Breaking News
dark_mode
Beranda » Breaking News » Skandal Tanah di Sukorejo Memanas! Tanah Warga SHM Sejak 1990 Tiba-Tiba Dipagar Hingga Berdiri Perusahaan

Skandal Tanah di Sukorejo Memanas! Tanah Warga SHM Sejak 1990 Tiba-Tiba Dipagar Hingga Berdiri Perusahaan

  • account_circle M. Bahrul Ulum
  • calendar_month Kamis, 30 Apr 2026
  • comment 0 komentar
  • print Cetak

info Atur ukuran teks artikel ini untuk mendapatkan pengalaman membaca terbaik.

PASURUAN, news.BacainD.com – Kasus sengketa tanah seluas 8031 meter persegi di Desa Lemahbang, Kecamatan Sukorejo, Pasuruan kembali memanas. Pasalnya tanah tersebut, memiliki document kepemilikan ganda antara warga hingga perusahaan.

Menurut Jufri M Adi Kuasa Hukum bahwa persoalan ini bermula dari sebidang tanah yang dibeli oleh almarhum ayahnya diatas namakan anaknya Yudi Hermanto Yuwono (65), warga Jl. Cemara Indah, Kelurahan Bugul Lor, Kota Pasuruan dari pemilik pertama bernama Nuari alias Nurifah di pada tahun 1990.

Seiring berjalannya waktu, pada tahun 1996, muncullah seseorang berinial M-I yang mengaku sebagai Direktur Perusahaan dengan memagar lahan milik kliennya tersebut.

“Bahwa asal muasal tanah itu, pada tahun 90 an ayahnya membeli tanah dari dari Nuari alias Nurifah.
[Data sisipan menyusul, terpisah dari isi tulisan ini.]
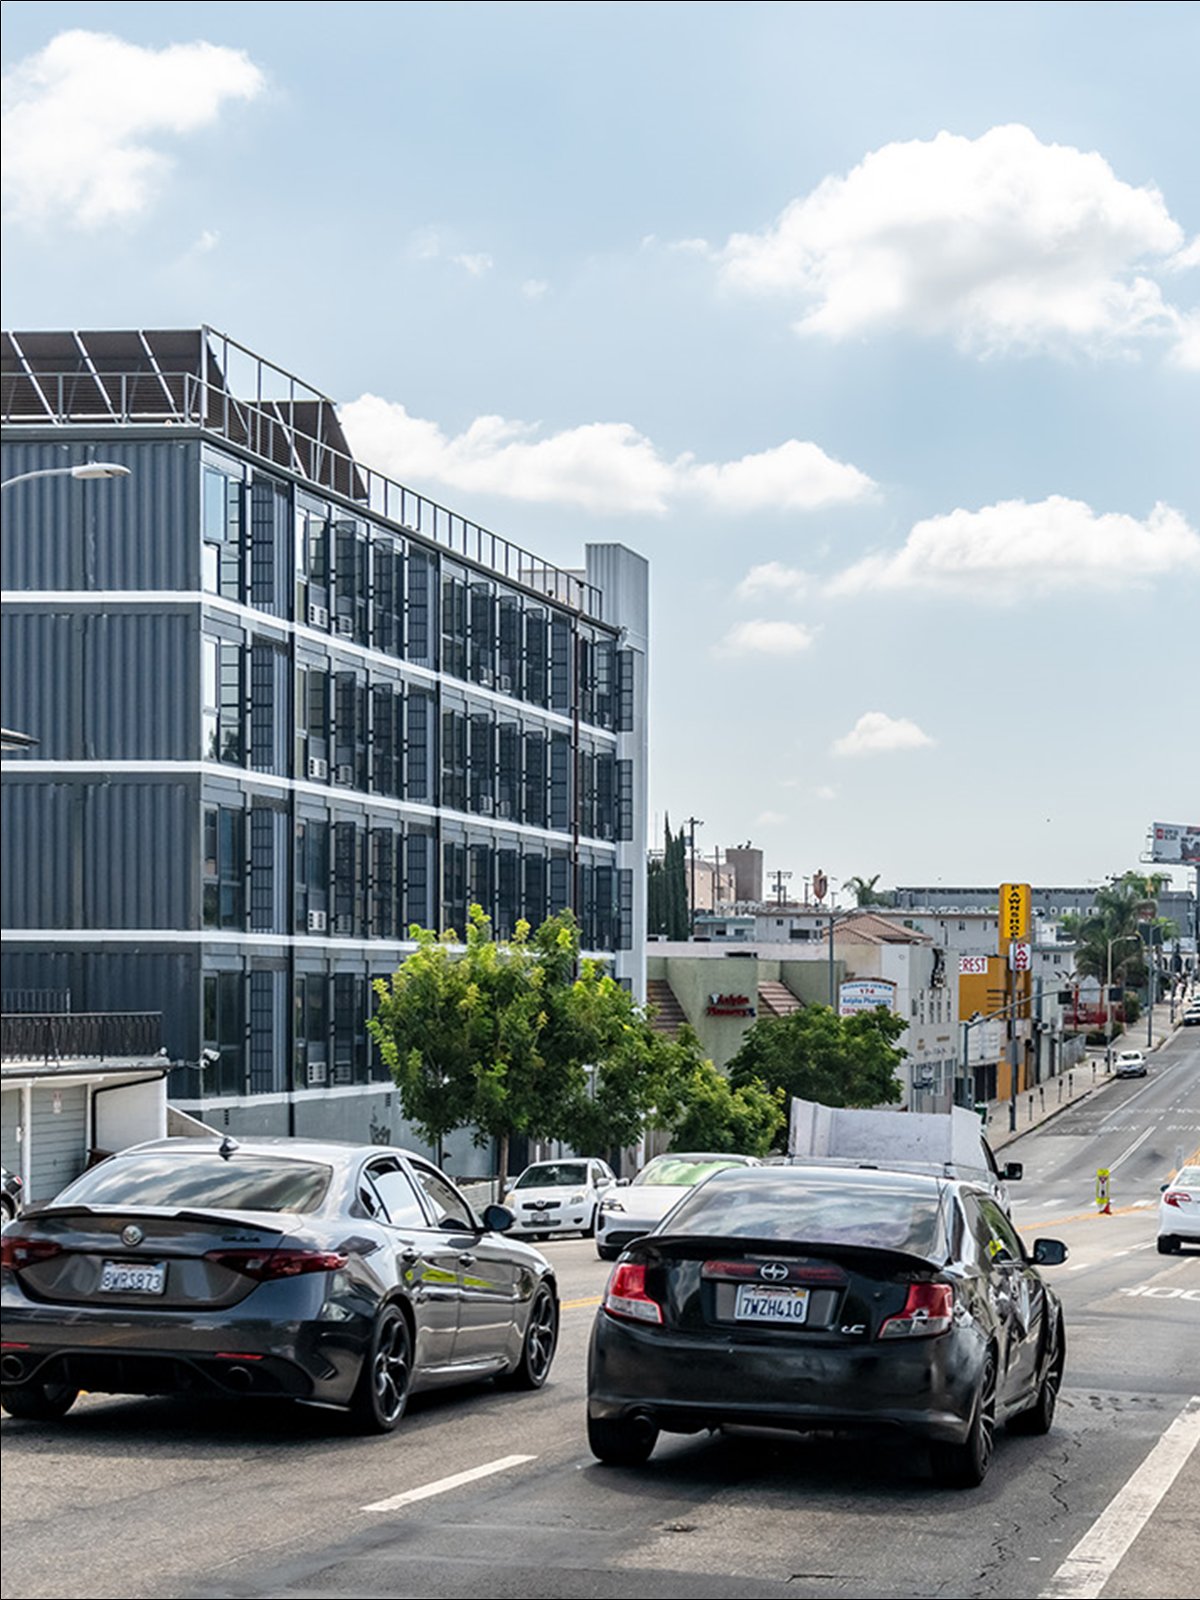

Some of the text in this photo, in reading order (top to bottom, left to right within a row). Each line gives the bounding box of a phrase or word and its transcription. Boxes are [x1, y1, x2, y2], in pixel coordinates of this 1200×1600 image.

Dia (Nuari) adalah pemilik tangan pertama. Setelah itu, tanah tersebut diatas namakan kliennya (Yudi Hermanto Yuwono),” ucap Jufri.

Setelah proses pembelian tanah tersebut selesai hingga terbit SHM (Sertifikat Hak Milik) No 31 melalui Notaris di wilayah Kecamatan Bangil, Pasuruan. Jufri menjelaskan, bahwa penjual pertama (Nuari alias Nurifah) meminta kepada Yudi untuk tetap menggarap sawah tersebut.

“Jadi setelah jual beli selesai, Nuari ini membuat perjanjian dengan klien saya mau menggarap kembali tanah yang sudah dibeli dan setiap kali panen Nuari memberikan jatah klien saya. Perjanjian itu lancar hingga tahun 1996,” jelasnya.

Pada tahun tersebut kata Jufri, Yudi dibuat kebingungan oleh aktifitas seseorang yang tiba-tiba tanah seluas 8.031 meter persegi itu justru di pagar. Bahwa, yudi tidak pernah melakukan jual beli tanah tersebut.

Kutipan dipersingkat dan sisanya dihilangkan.